To make this whole arrangement feel somehow more wholesome and Godly, however, my mom converted to Christianity and accepted Jesus Christ as her savior, which meant a lot to Clifford. He also warmly embraced his mistress’ children as part of the package. I well remember my mother’s special friend “Mr. Clinton.” He was soft-spoken and unfailingly kind and generous, often taking me as a young boy for candy and ice cream in his four-speed VW Beetle.
Mom would rave about Clinton as just about the most amazing man who ever lived. She described his utter selflessness and philanthropy, like how he would allow people to dine for free during the Depression if they couldn’t afford to pay and how helping the poor and feeding the starving was his life’s mission. And my mother constantly spoke of how much she loved him, whose own ardor was equally clear in a series of passionate love letters Mom kept. Their mutual devotion certainly seemed to extend beyond the boudoir. Clinton became Mother’s benefactor and support system in finding her an occupational calling that didn’t involve physical gratification – at least not directly.
After failing with laundromat and matchmaking businesses in which he had set up my mother, Clifford, who knew a little something about how to find career success, wondered if there might be an opportunity for Terri to mass-produce and market some of the fruit-scented lotions, potions and gels that she created that so delighted him in spicing up their lovemaking. At the time, the business of “marital aids” existed only in the most limited fashion. What Clinton had proposed was utterly novel.
So it was that Clifford Clinton put up the seed money in 1965 to establish what would ultimately sprout into a thriving lubrication empire, thereby becoming the world’s most improbable driver of the Sexual Revolution and again demonstrating that he was far more than just another altruistic, vice-squelching, adulterous Christian restaurateur.
As for my mother, she enjoyed great success with the sex-aid business for some 35 years, proving her mettle both as a pioneering businesswoman and a creative visionary. She invented dozens of products that carried such colorful, pun-heavy names as Joy Jell, Emotion Lotion, Hap-Penis, Sex Fifth Avenue and (oh the humanity) Penetration H. And none of it would have happened were it not for the adoration and assistance of Clinton.
As Paul Harvey was once fond of saying, now you know the rest of the story.
Except there’s just a little bit more.
When Clinton died on November 20, 1969, Mom mourned him with a grief so intense that it never really stopped for the 40 years of her life that remained.
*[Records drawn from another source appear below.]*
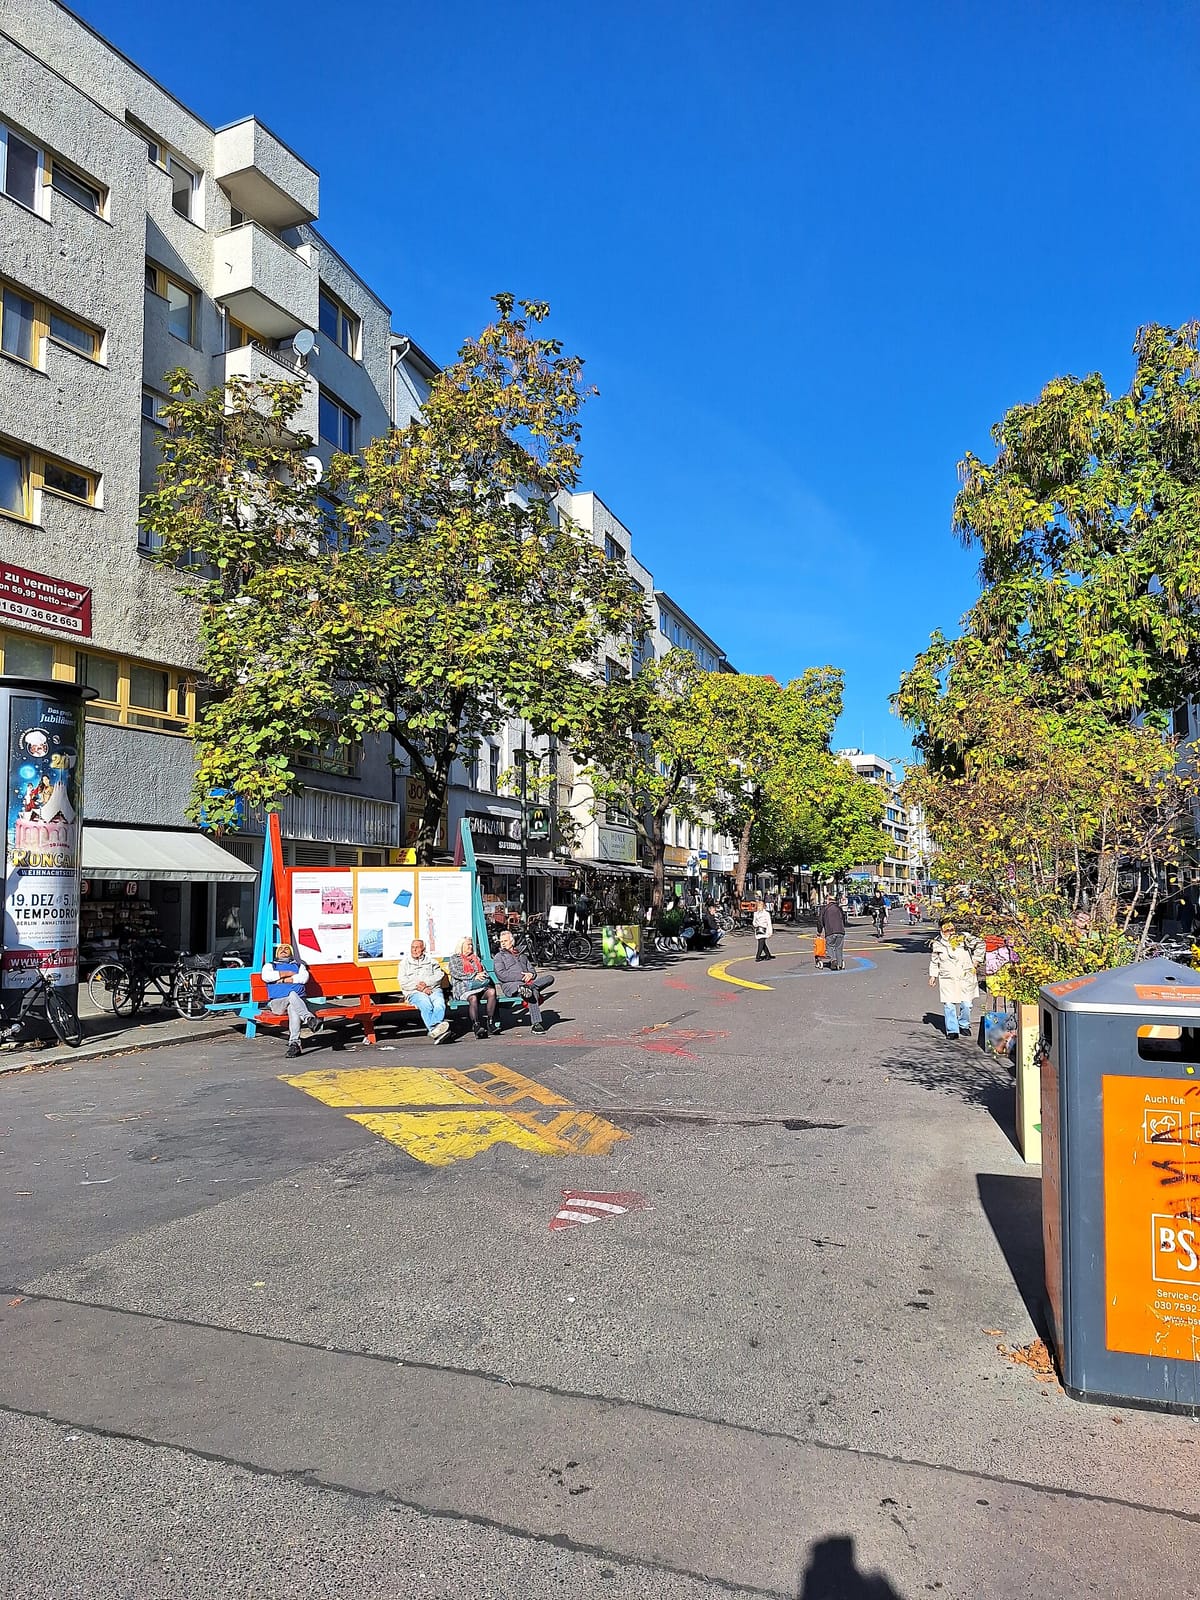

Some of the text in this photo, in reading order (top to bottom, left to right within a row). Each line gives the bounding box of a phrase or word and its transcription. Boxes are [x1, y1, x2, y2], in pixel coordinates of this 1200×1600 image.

[4, 572, 83, 601] zu vermieten
[11, 585, 36, 598] 59,99
[38, 594, 60, 605] netto
[10, 603, 23, 614] 63
[31, 609, 43, 619] 36
[45, 613, 58, 623] 62
[60, 616, 78, 628] 663
[11, 893, 28, 906] 19.
[31, 893, 54, 906] DEZ
[1144, 1093, 1168, 1104] Auch
[1154, 1300, 1172, 1310] 030
After the funeral, she was politely asked by Nelda and her children not to contact them ever again. My mother respected that.
Yet barely a week went by for the remainder of Mother’s life when Clifford’s name didn’t come up. She regularly burned candles in his memory, kept a portrait of him above her bed (“To watch over me”) and reminded me often that the 10 years during which the two were lovers was by far the best of her life – even with all of the weirdness. Her newfound Christian faith gave Mom reassurance that she and Cliff would be back together someday.
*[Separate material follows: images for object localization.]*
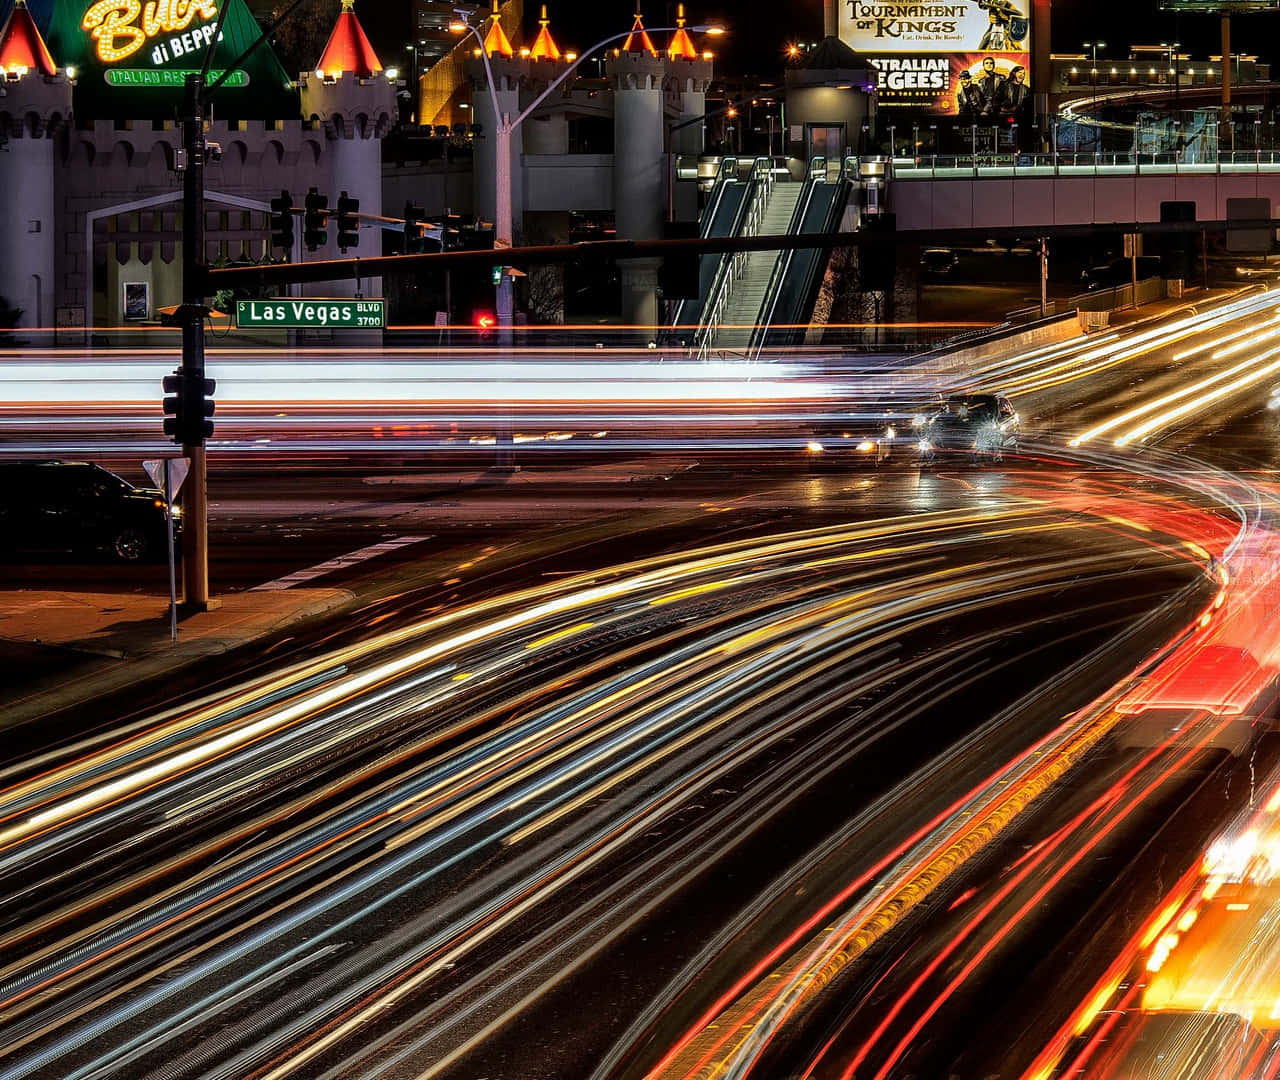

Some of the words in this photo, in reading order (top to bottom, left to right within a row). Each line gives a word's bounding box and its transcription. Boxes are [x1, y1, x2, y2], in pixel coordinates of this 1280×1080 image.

[847, 0, 968, 19] TOURNAMENT
[874, 19, 957, 38] KINGS
[152, 44, 169, 65] di
[867, 59, 949, 71] STRALIAN
[112, 71, 160, 83] ITALIAN
[888, 72, 943, 89] GEES
[239, 303, 245, 311] S
[251, 302, 286, 320] Las
[292, 302, 352, 325] Vegas
[356, 303, 380, 312] BLVD
[357, 317, 380, 326] 3700
Of course, Mother and Clifford already were joined in spirit before we performed that more physical reunification during Clifton’s construction back in 2011. But it’s nice to know they’re officially hooked up again. They’re also hopefully enjoying a bit more privacy.
My sister and I finally will have a chance to check up on Mom at the grand Clifton’s reopening tonight. As for the rest of you, don’t worry. She isn’t haunting the place. She’s protecting it. And Clifford is no doubt making sure she behaves herself.